* [Records provided]
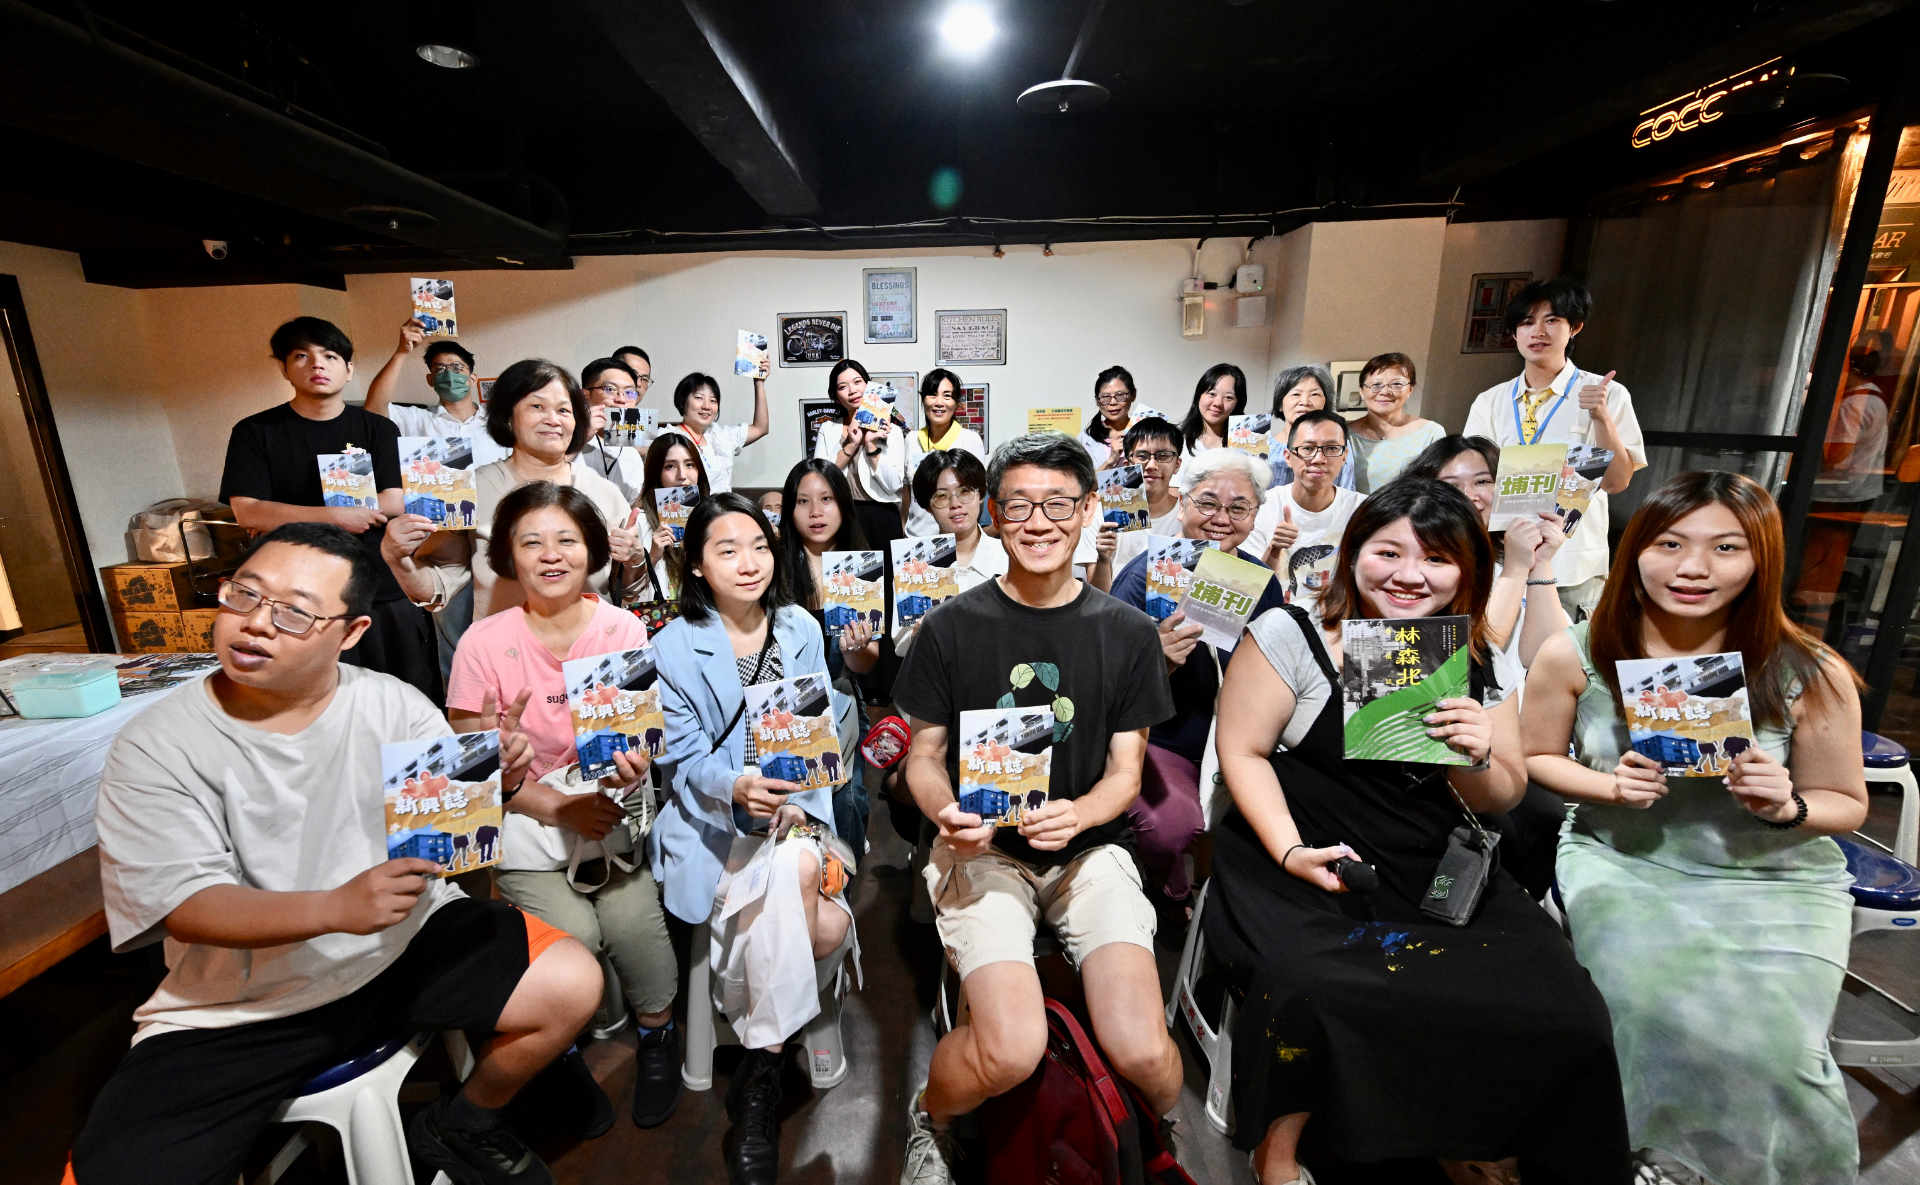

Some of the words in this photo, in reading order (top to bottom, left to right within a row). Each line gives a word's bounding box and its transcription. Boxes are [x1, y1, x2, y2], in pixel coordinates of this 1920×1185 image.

[872, 281, 909, 289] BLESSINGS
[784, 318, 811, 336] LEGENDS
[811, 318, 831, 328] NEVER
[830, 323, 842, 333] DIE
[806, 408, 840, 417] HARLEY-DAVID
[1499, 473, 1558, 497] 埔刊
[1188, 578, 1256, 616] 埔刊
[1395, 626, 1421, 686] 林森北
[578, 696, 637, 720] 新興誌
[1634, 702, 1713, 721] 新興誌
[759, 722, 811, 743] 新興誌
[967, 756, 1025, 775] 新興誌
[394, 789, 470, 816] 新興誌

* [Task requirements]
Return to the listing above and set it down exactly, leaving out its pictures.

* [Response to this exercise]
Some of the words in this photo, in reading order (top to bottom, left to right within a row). Each line gives a word's bounding box and its transcription. Boxes are [x1, y1, x2, y2], in pixel coordinates of this 1920×1185 image.

[872, 281, 909, 289] BLESSINGS
[784, 318, 811, 336] LEGENDS
[811, 318, 831, 328] NEVER
[830, 323, 842, 333] DIE
[806, 408, 840, 417] HARLEY-DAVID
[1499, 473, 1558, 497] 埔刊
[1188, 578, 1256, 616] 埔刊
[1395, 626, 1421, 686] 林森北
[578, 696, 637, 720] 新興誌
[1634, 702, 1713, 721] 新興誌
[759, 722, 811, 743] 新興誌
[967, 756, 1025, 775] 新興誌
[394, 789, 470, 816] 新興誌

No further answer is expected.